• DATASET EXCERPTS:
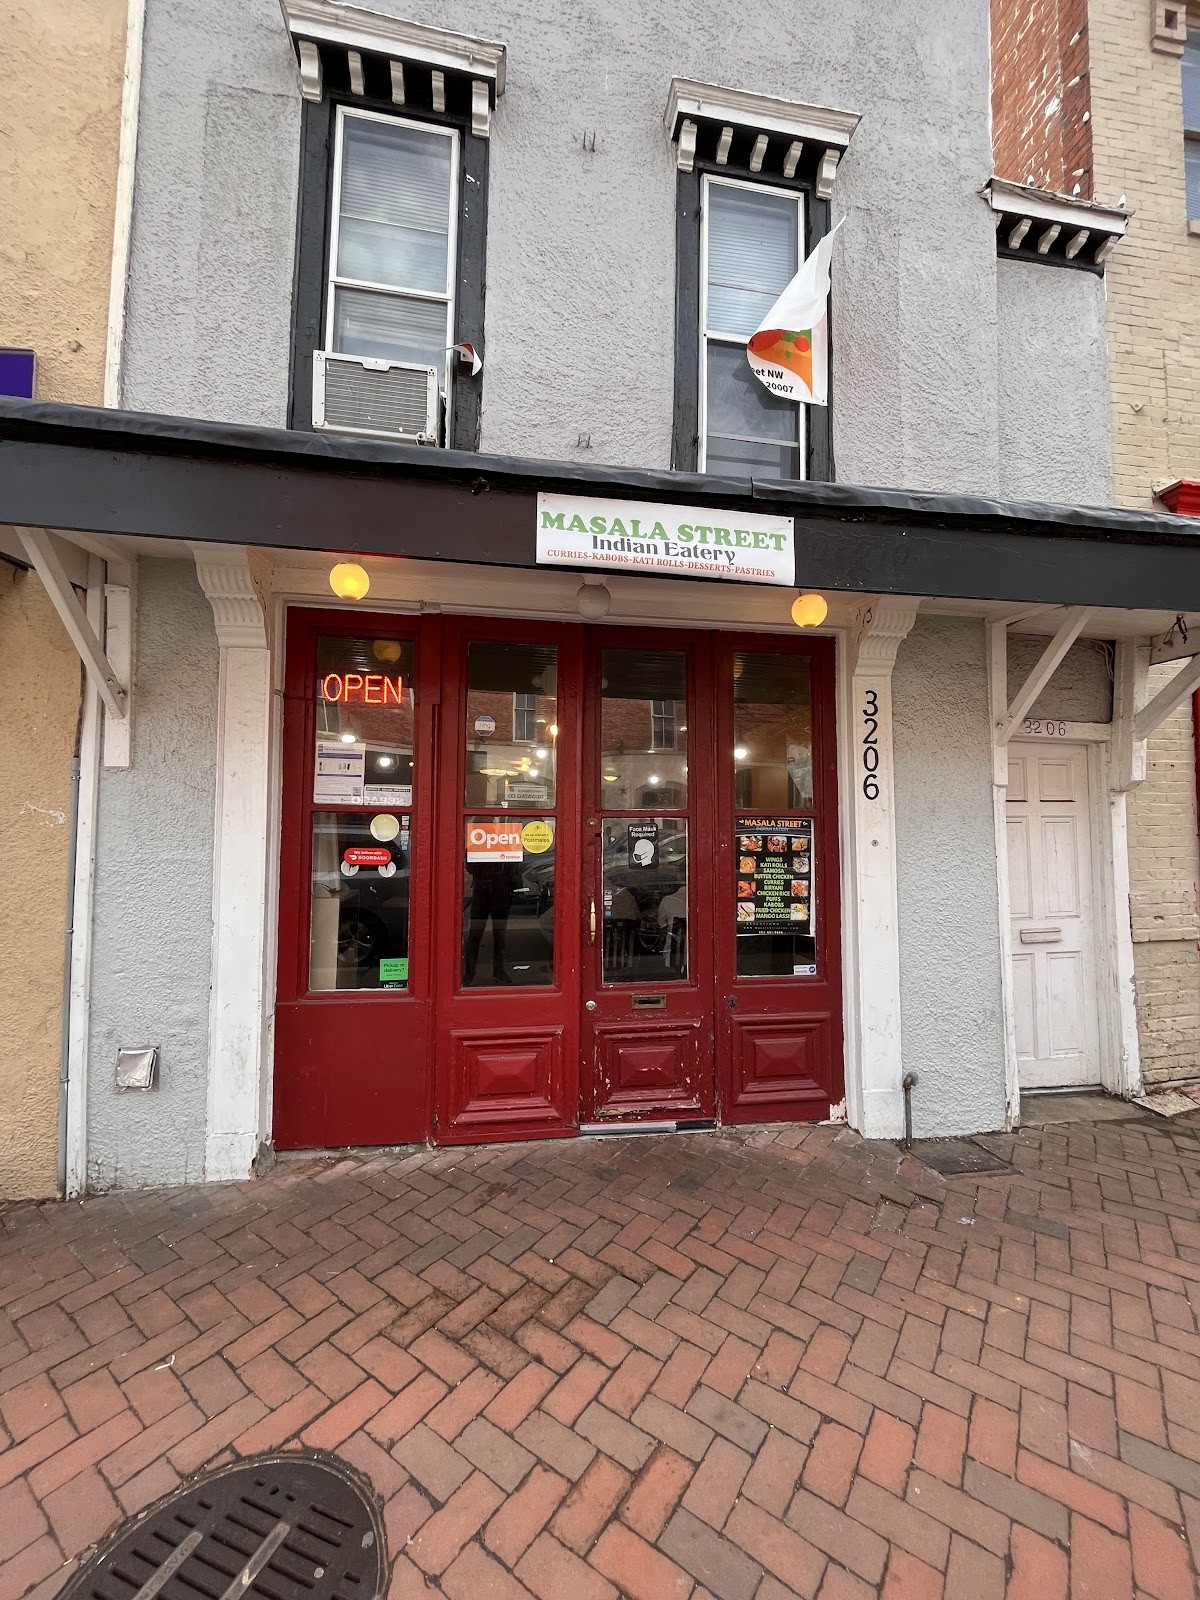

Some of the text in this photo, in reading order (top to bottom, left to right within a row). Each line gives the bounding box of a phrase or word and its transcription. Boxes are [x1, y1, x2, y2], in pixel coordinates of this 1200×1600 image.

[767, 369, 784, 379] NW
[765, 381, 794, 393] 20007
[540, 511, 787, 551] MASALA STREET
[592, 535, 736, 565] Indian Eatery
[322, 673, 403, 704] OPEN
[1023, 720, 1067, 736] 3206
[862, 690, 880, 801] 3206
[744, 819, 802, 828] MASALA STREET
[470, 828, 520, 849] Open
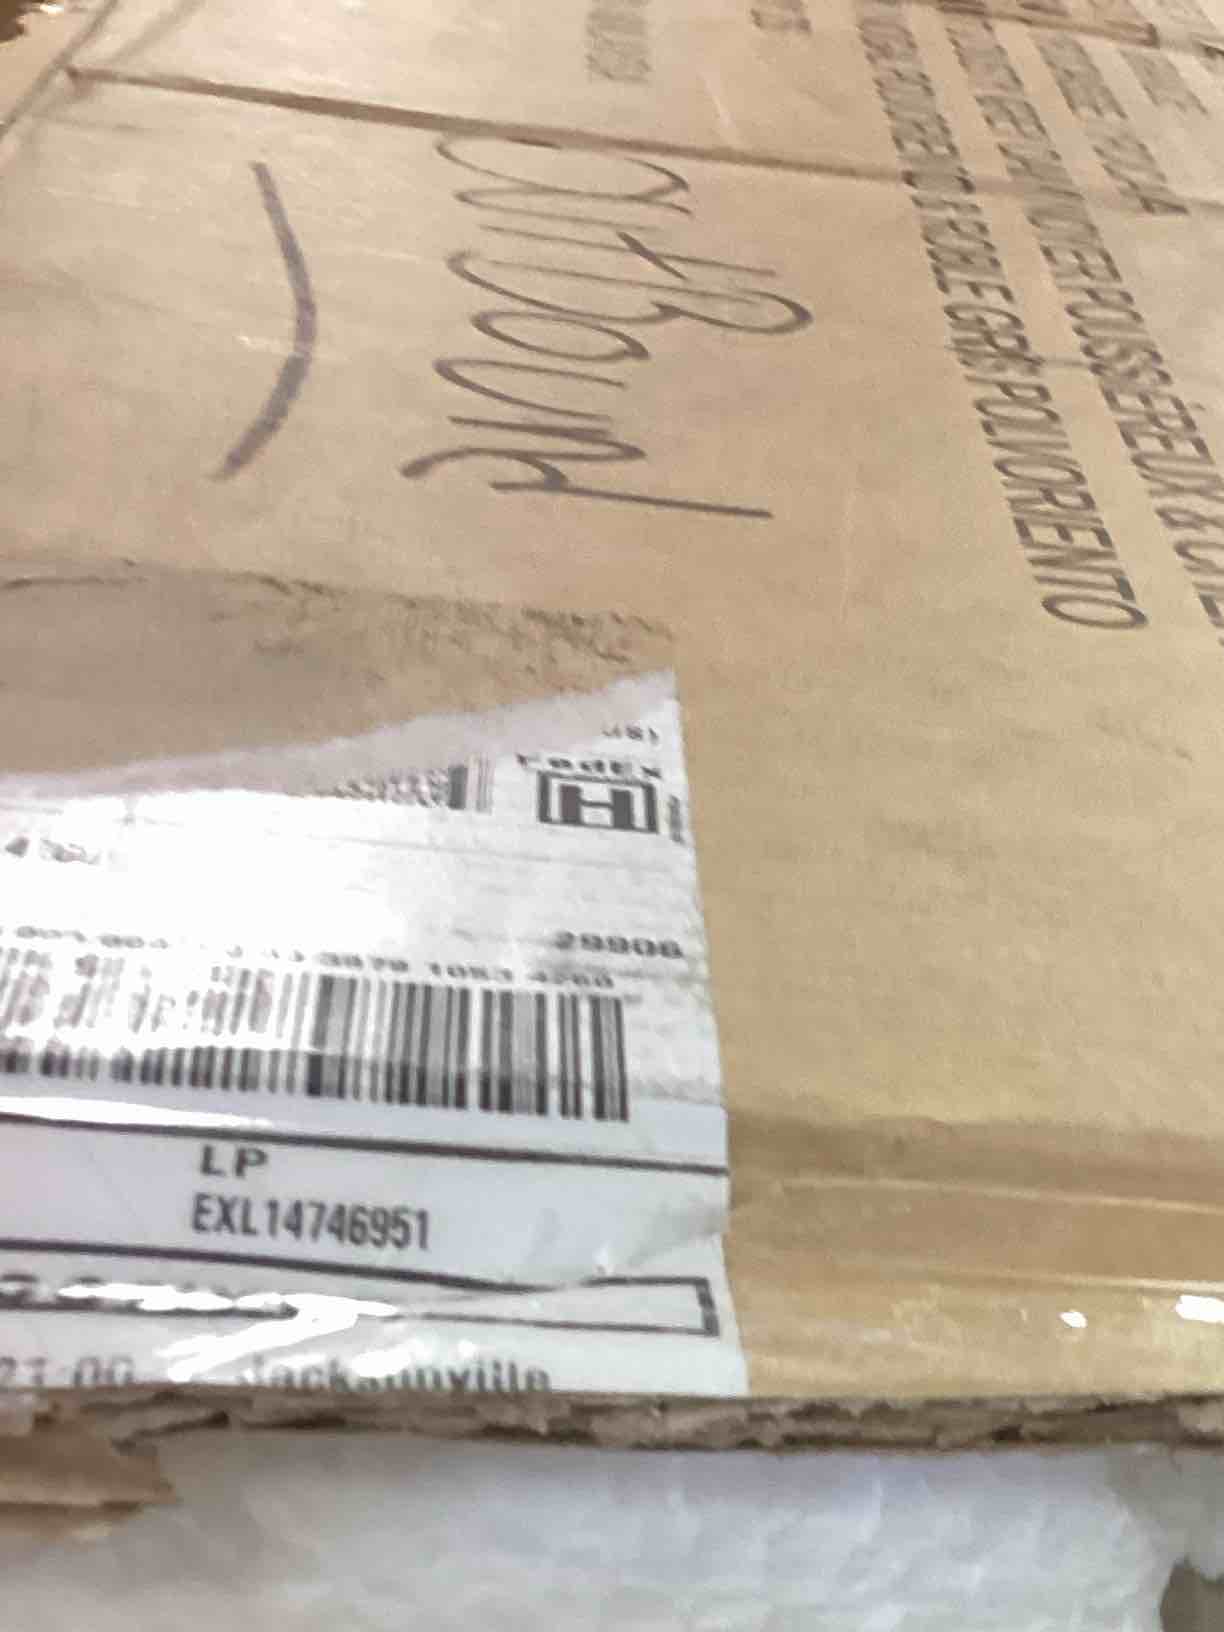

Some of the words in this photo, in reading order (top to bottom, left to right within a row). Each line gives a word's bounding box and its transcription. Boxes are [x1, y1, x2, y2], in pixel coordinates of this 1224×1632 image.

• WORK REQUIRED: Please reproduce the listing exactly, leaving out any pictures.

• RESULT OF THIS TASK:
Some of the text in this photo, in reading order (top to bottom, left to right within a row). Each line gives the bounding box of a phrase or word and its transcription. Boxes are [x1, y1, x2, y2], in pixel coordinates of this 1200×1600 image.

[767, 369, 784, 379] NW
[765, 381, 794, 393] 20007
[540, 511, 787, 551] MASALA STREET
[592, 535, 736, 565] Indian Eatery
[322, 673, 403, 704] OPEN
[1023, 720, 1067, 736] 3206
[862, 690, 880, 801] 3206
[744, 819, 802, 828] MASALA STREET
[470, 828, 520, 849] Open

Some of the words in this photo, in reading order (top to bottom, left to right within a row). Each line gives a word's bounding box and its transcription. Boxes are [x1, y1, x2, y2], in pixel coordinates of this 1224×1632 image.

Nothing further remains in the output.